The important information was harvested from various apps that were installed on the phones of US soldiers, including weather, gaming, and dating apps. The data harvesting also included the devices of special ops personnel.
The Wall Street Journal reports that the security breach was discovered when a US contractor was working on software designed to allow the US to track movements of Syrian refugees.
In 2016, a U.S. defense contractor named PlanetRisk Inc. was working on a software prototype when its employees discovered they could track U.S. military operations through the data generated by the apps on the mobile phones of American soldiers.

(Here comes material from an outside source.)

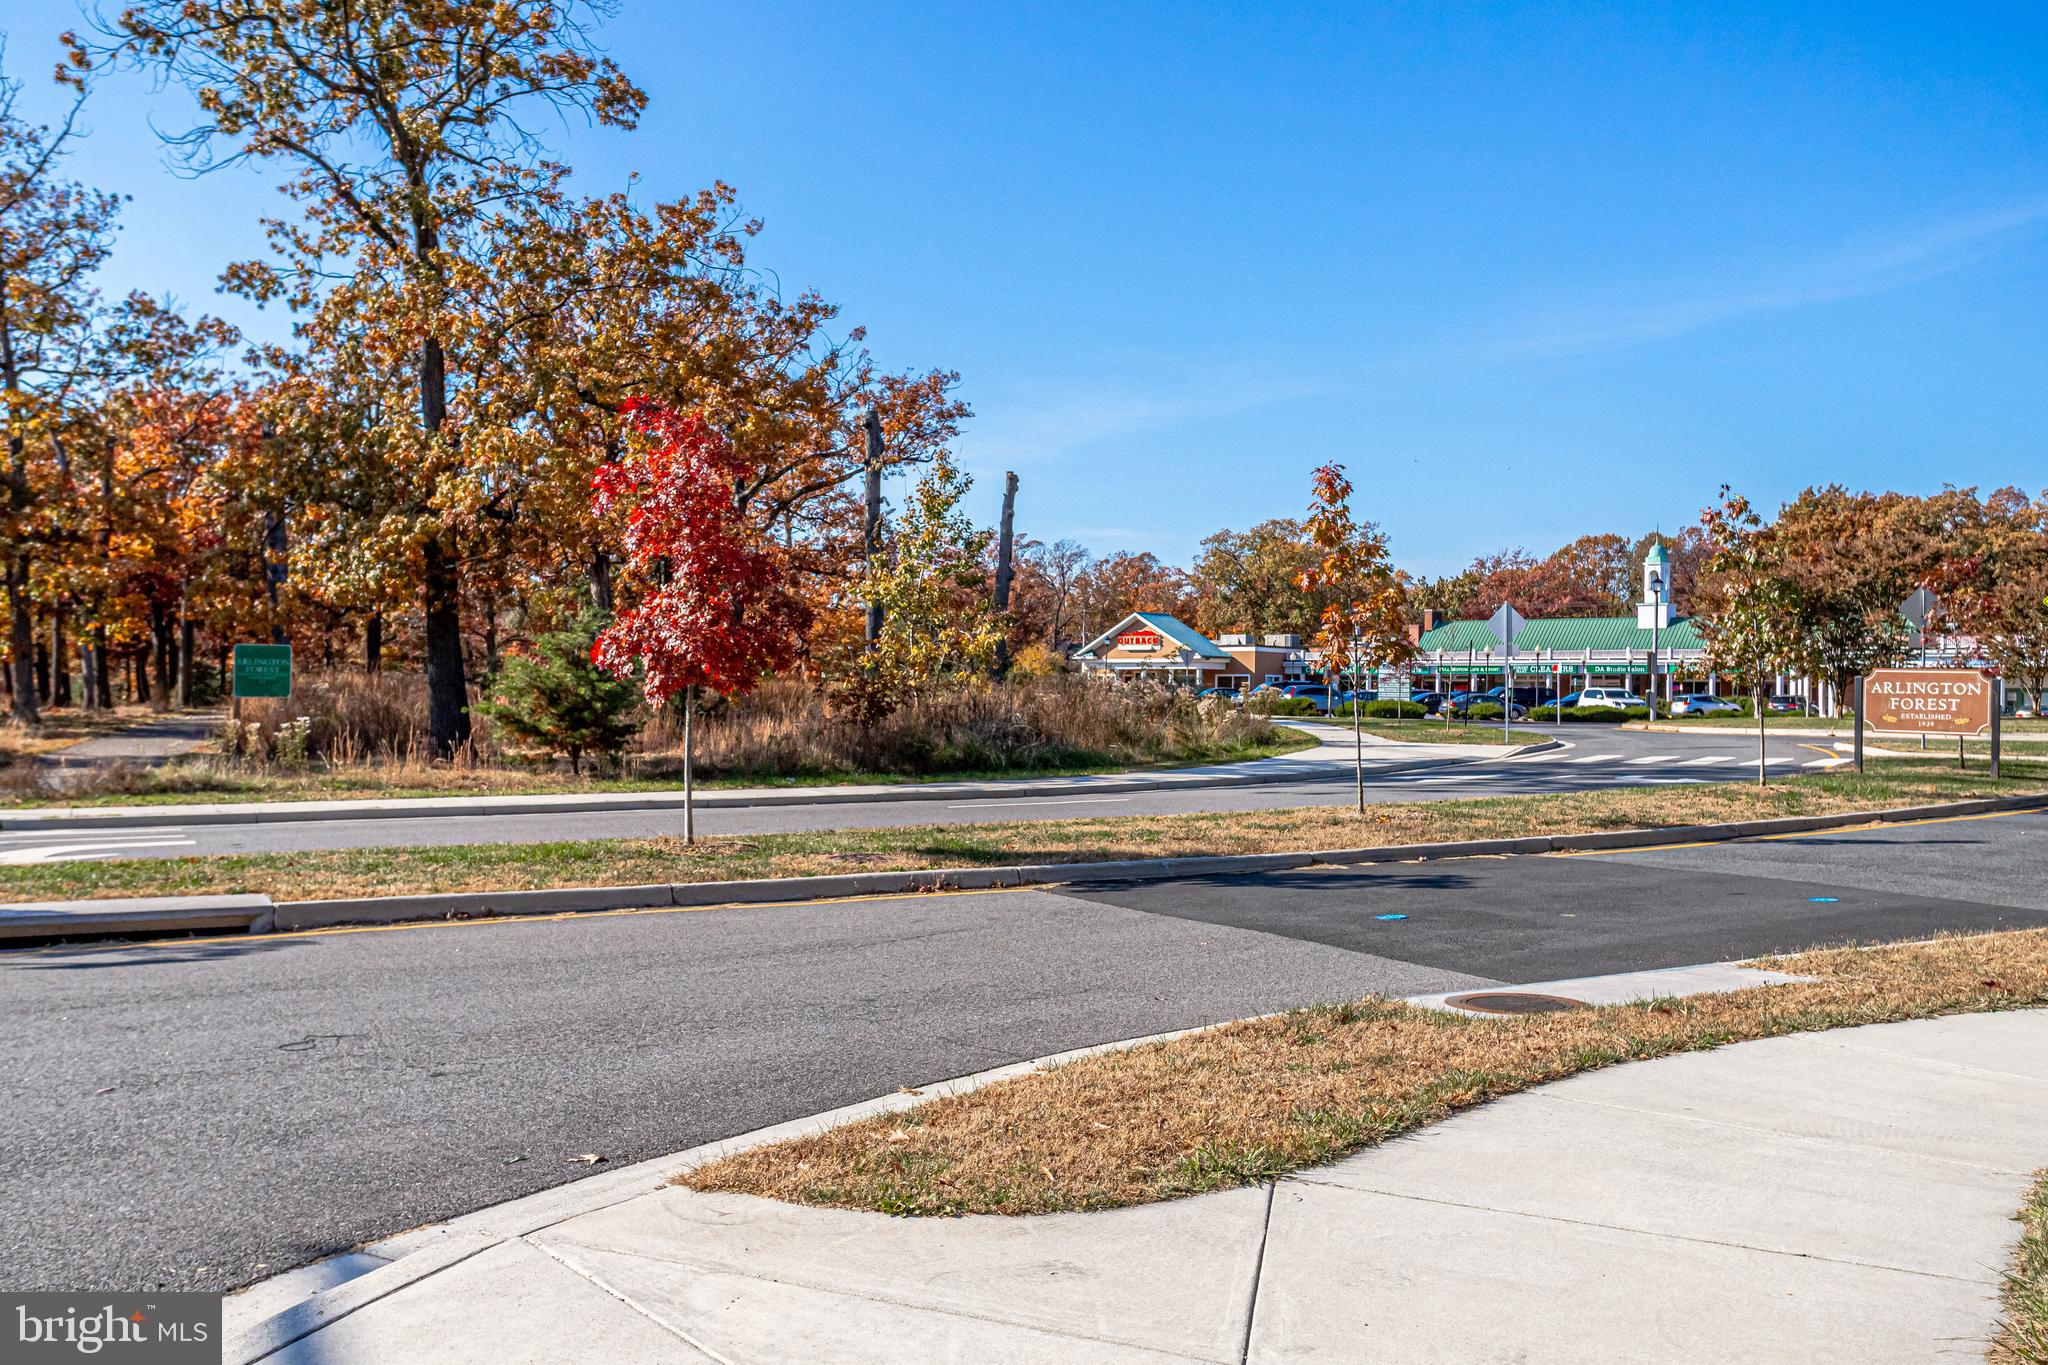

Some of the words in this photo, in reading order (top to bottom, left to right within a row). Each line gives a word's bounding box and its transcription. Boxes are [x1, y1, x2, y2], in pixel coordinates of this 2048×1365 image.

At the time, the company was using location data drawn from apps such as weather, games and dating services to build a surveillance tool that could monitor the travel of refugees from Syria to Europe and the U.S., according to interviews with former employees. The company’s goal was to sell the tool to U.S. counterterrorism and intelligence officials.

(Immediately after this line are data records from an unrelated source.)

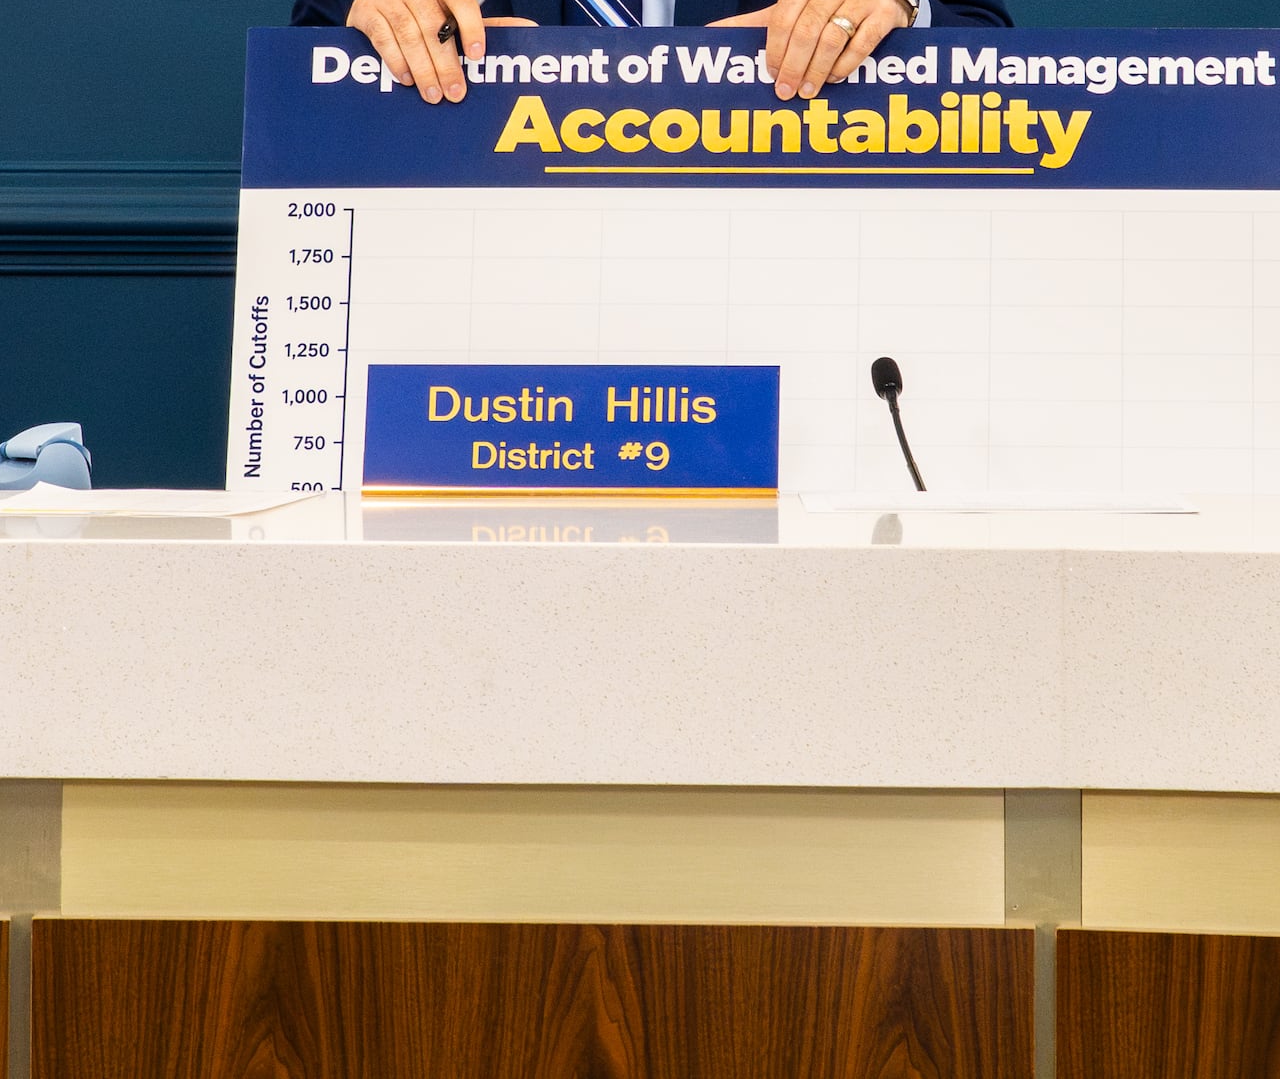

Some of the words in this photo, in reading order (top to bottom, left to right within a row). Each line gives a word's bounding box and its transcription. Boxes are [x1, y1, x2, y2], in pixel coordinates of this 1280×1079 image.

[617, 45, 669, 84] of
[951, 47, 1276, 94] Management
[493, 91, 1092, 169] Accountability
[287, 203, 336, 219] 2,000
[288, 249, 334, 265] 1,750
[285, 296, 332, 312] 1,500
[249, 295, 269, 369] Cutoffs
[284, 343, 330, 359] 1,250
[248, 373, 266, 394] of
[281, 390, 328, 405] 1,000
[427, 386, 573, 423] Dustin
[606, 386, 717, 424] Hillis
[244, 398, 265, 478] Number
[293, 436, 326, 450] 750
[471, 442, 595, 470] District
[617, 441, 671, 471] #9

But buried in the data was evidence of sensitive U.S. military operations by American special-operations forces in Syria. The company’s analysts could see phones that had come from military facilities in the U.S., traveled through countries like Canada or Turkey and were clustered at the abandoned Lafarge Cement Factory in northern Syria, a staging area at the time for U.S. special-operations and allied forces
When PlanetRisk traced telephone signals from U.S. bases to the Syrian cement factory in 2016, it hadn’t been disclosed publicly that the factory was being used as a staging area for U.S. and allied forces. Moreover, the company could monitor the movements of American troops even while they were out on patrol—a serious operational security risk that opened units up to being targeted by enemy forces, according to the people familiar with the discovery.
The WSJ confirmed the claims when it was granted access to historical data for areas where the US military is no longer operating. The publication tracked the movements of people who appeared to be American special operators and other military personnel, just as PlanetRisk had.
Although the issue has been reported to US officials, other companies also collect the same information, including data brokers who sell the data to anyone that can pay for it.
While the US has taken preventative measures, such as banning TikTok from the devices used by personnel in sensitive locations. However, there are so many apps that collect location data makes it next to impossible to block the apps, short of prohibiting US overseas forces from using smartphones at all.
Although Democrat Ron Wyden is working on legislation that would restrict the sale of US data to foreign countries, the easy availability of such data would make it difficult to trace the data to its end buyer.